Сегодня я без фруктов. Оставляю апельсин в покое и как можно медленнее и спокойнее иду дальше, к хлебу. Потом зачем-то возвращаюсь, отрываю один глаз от грозди, подношу к носу, вдыхаю запах (господи, да не смотри ты на меня с таким ужасом, пожалуйста, не смотри…).
Пахнет виноградом.
Кладу его себе в карман. Взвешивать один глаз не приходит на ум.
На кассе сидит Любаша. Она всегда немного усталая, но обычно добрая.
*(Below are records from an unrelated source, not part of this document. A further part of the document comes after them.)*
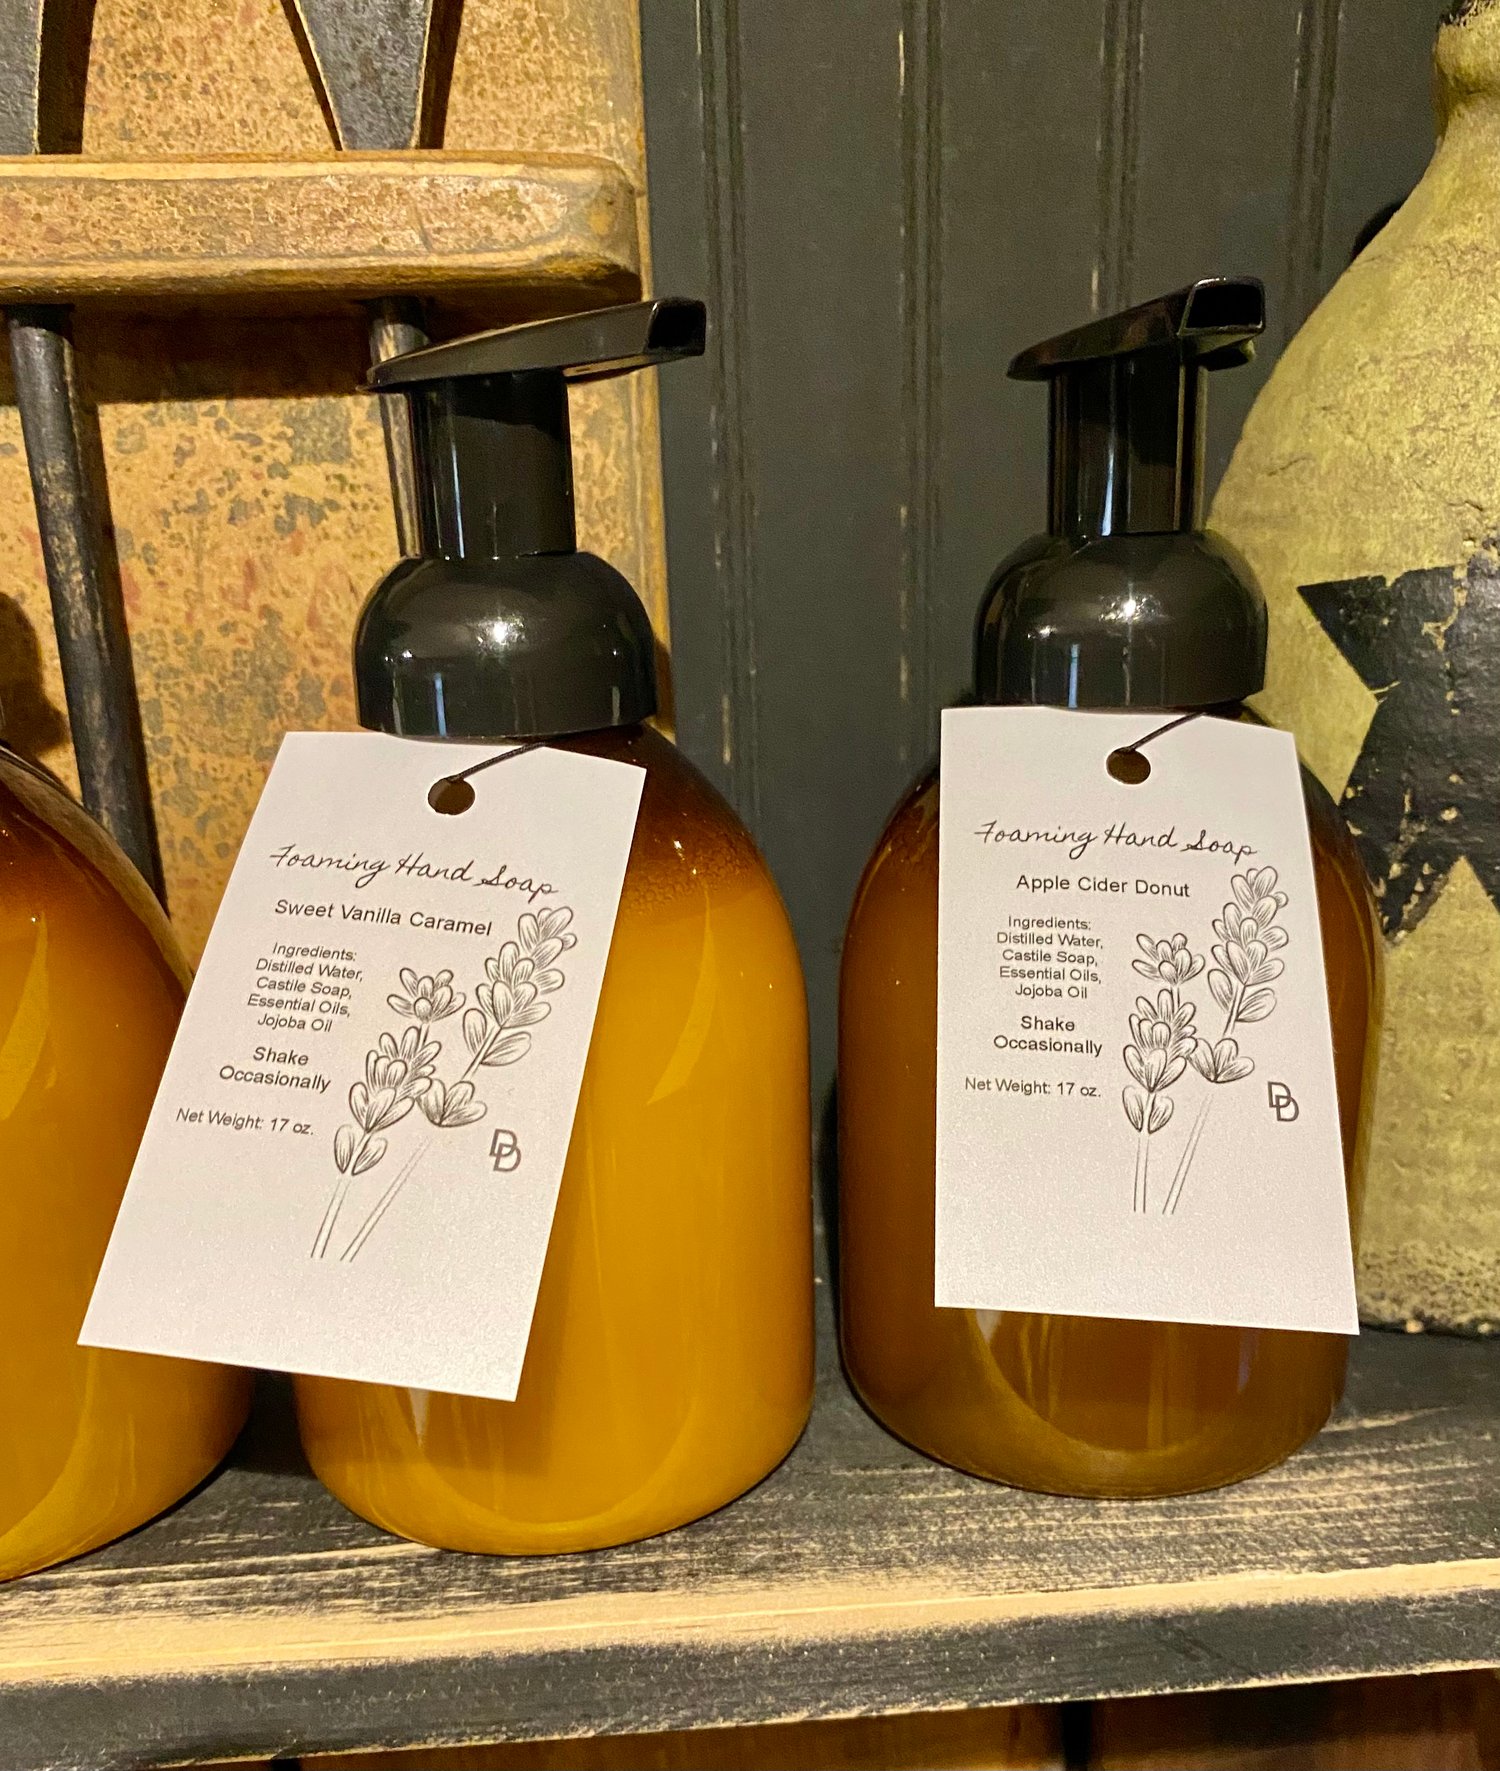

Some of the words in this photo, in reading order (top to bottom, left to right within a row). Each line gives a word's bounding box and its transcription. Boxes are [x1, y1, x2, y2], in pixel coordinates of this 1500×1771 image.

[974, 820, 1097, 860] Foaming
[1104, 822, 1178, 848] Hand
[1180, 830, 1257, 865] Soap
[269, 844, 390, 889] Foaming
[395, 852, 475, 883] Hand
[472, 865, 559, 903] Soap
[1016, 875, 1070, 893] Apple
[1078, 876, 1127, 893] Cider
[1135, 880, 1190, 897] Donut
[274, 899, 335, 920] Sweet
[341, 904, 402, 925] Vanilla
[409, 912, 493, 936] Caramel
[1008, 915, 1092, 932] Ingredients:
[996, 932, 1053, 945] Distilled
[1058, 934, 1104, 950] Water,
[272, 942, 357, 962] Ingredients:
[1002, 949, 1051, 963] Castile
[1056, 951, 1098, 967] Soap,
[255, 958, 315, 976] Distilled
[318, 963, 364, 981] Water,
[999, 966, 1065, 980] Essential
[1069, 968, 1101, 984] Oils,
[256, 976, 307, 994] Castile
[311, 982, 352, 999] Soap,
[1015, 983, 1063, 999] Jojoba
[1067, 986, 1087, 999] Oil
[247, 993, 316, 1012] Essential
[319, 999, 351, 1017] Oils,
[257, 1013, 307, 1031] Jojoba
[311, 1016, 332, 1033] Oil
[1020, 1016, 1075, 1032] Shake
[252, 1046, 309, 1066] Shake
[993, 1035, 1103, 1058] Occasionally
[219, 1065, 331, 1094] Occasionally
[965, 1077, 991, 1091] Net
[995, 1078, 1051, 1096] Weight:
[1057, 1082, 1075, 1096] 17
[1080, 1085, 1101, 1097] oz.
[176, 1108, 205, 1123] Net
[208, 1110, 264, 1132] Weight:
[270, 1118, 289, 1132] 17
[292, 1122, 314, 1135] oz.
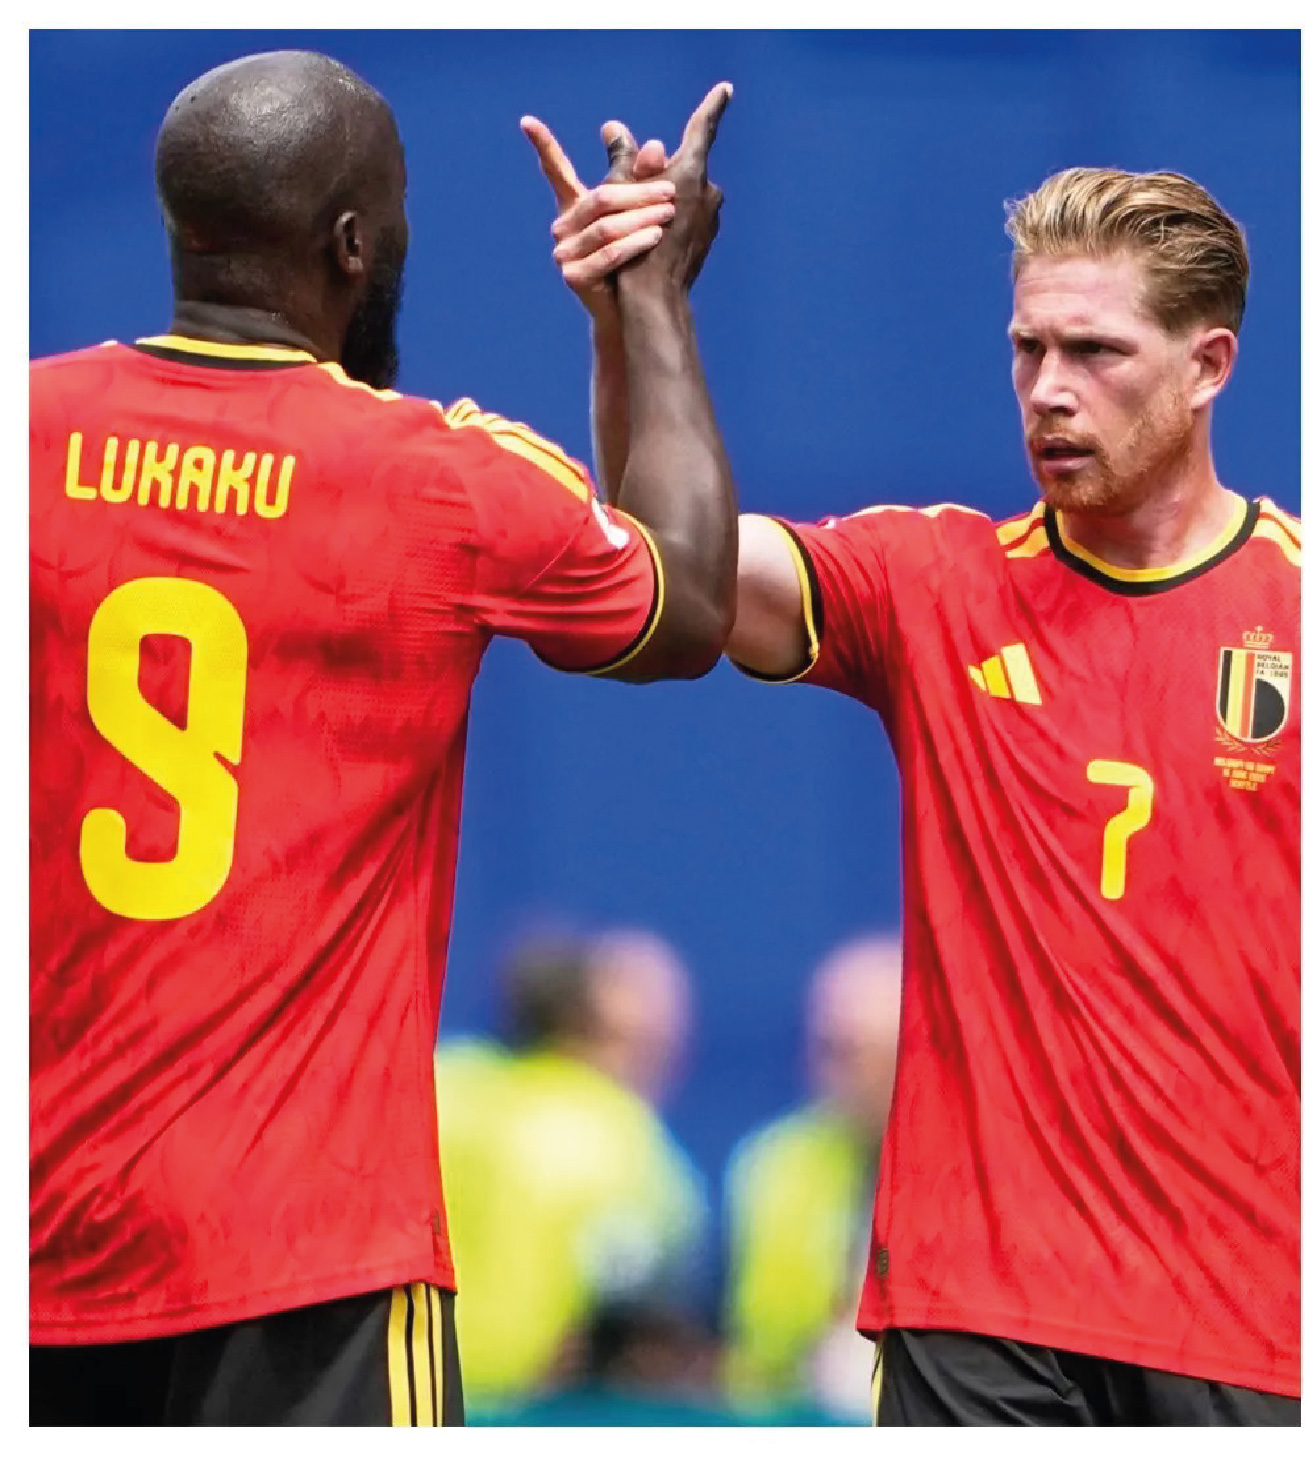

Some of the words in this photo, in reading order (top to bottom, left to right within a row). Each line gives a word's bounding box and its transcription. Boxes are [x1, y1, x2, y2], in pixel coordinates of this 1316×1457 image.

[65, 431, 296, 519] LUKAKU
[79, 576, 248, 920] 9
[1086, 758, 1154, 900] 7
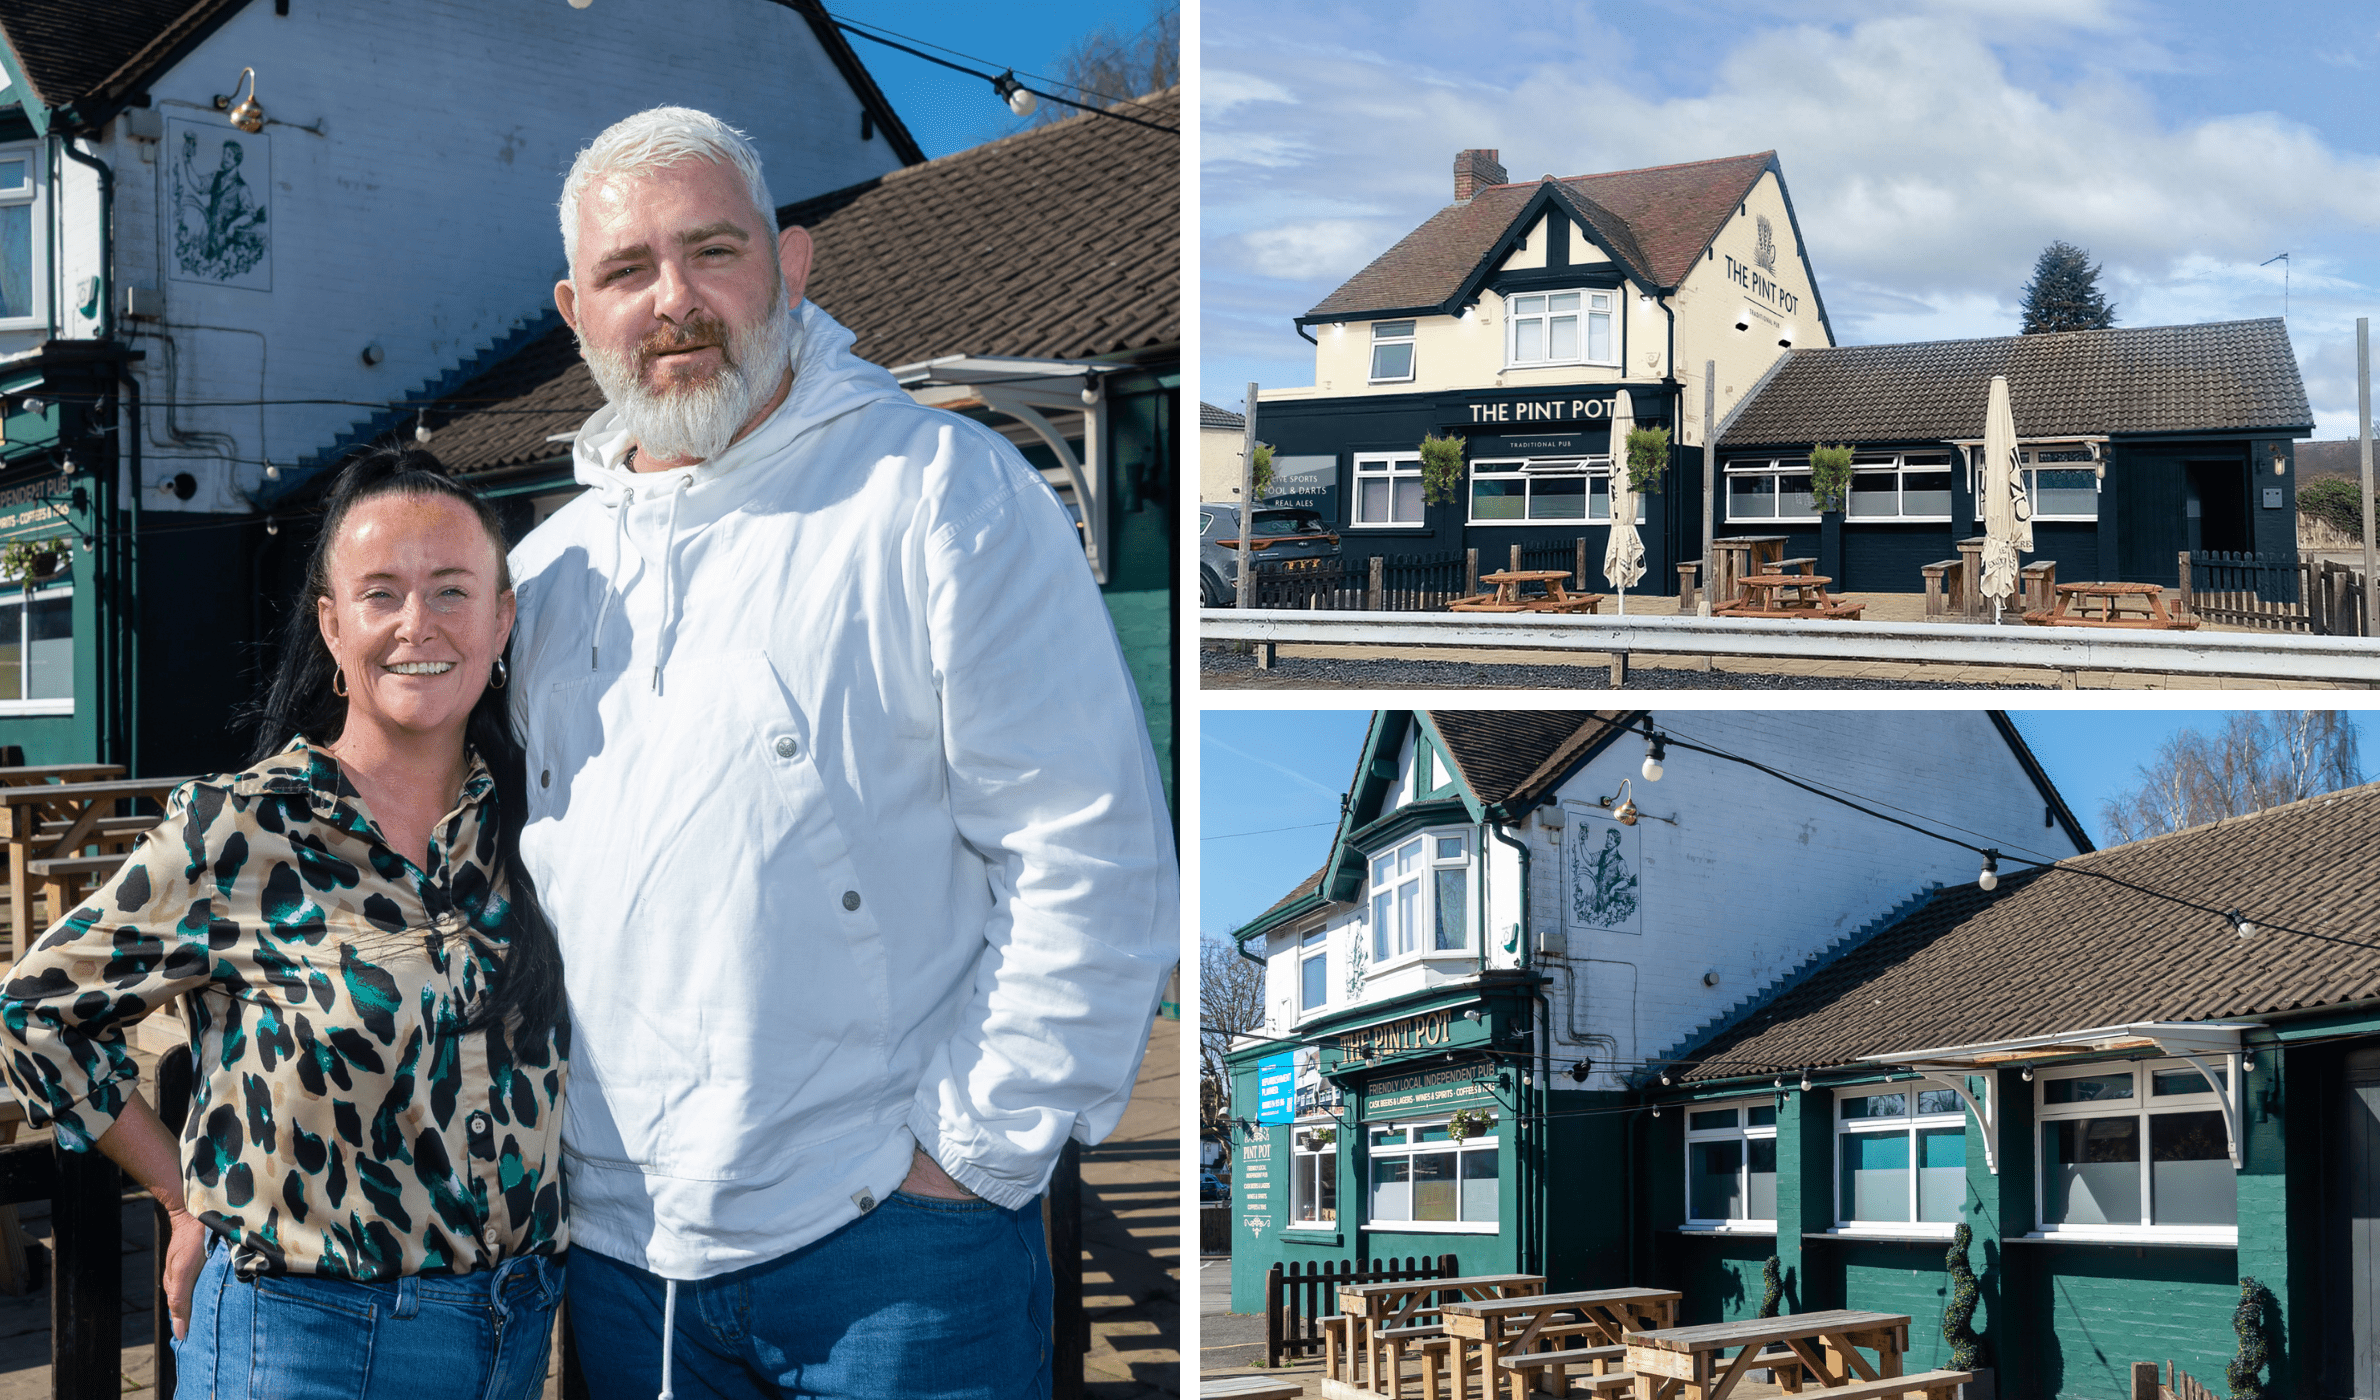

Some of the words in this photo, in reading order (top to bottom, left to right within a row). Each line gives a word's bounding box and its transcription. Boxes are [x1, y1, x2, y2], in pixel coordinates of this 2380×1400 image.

Вот и сегодня она мне улыбается, зябко поводит плечами.
— Привет, Олеж. С работы? Что, только хлеб и молоко? Совсем голодом себя заморишь, — вздыхает, пробивая мои покупки.
А я не могу перестать смотреть, как мужчина, стоящий за ее спиной, смеется и откусывает от плечика девушки кусок за куском, вместе с клоками униформы, кровь фонтаном во все стороны. Любаша морщится и трет плечо, размазывая кровищу повсюду. А потом передает этой рукой мне бутыль молока. Не могу себя заставить ее взять.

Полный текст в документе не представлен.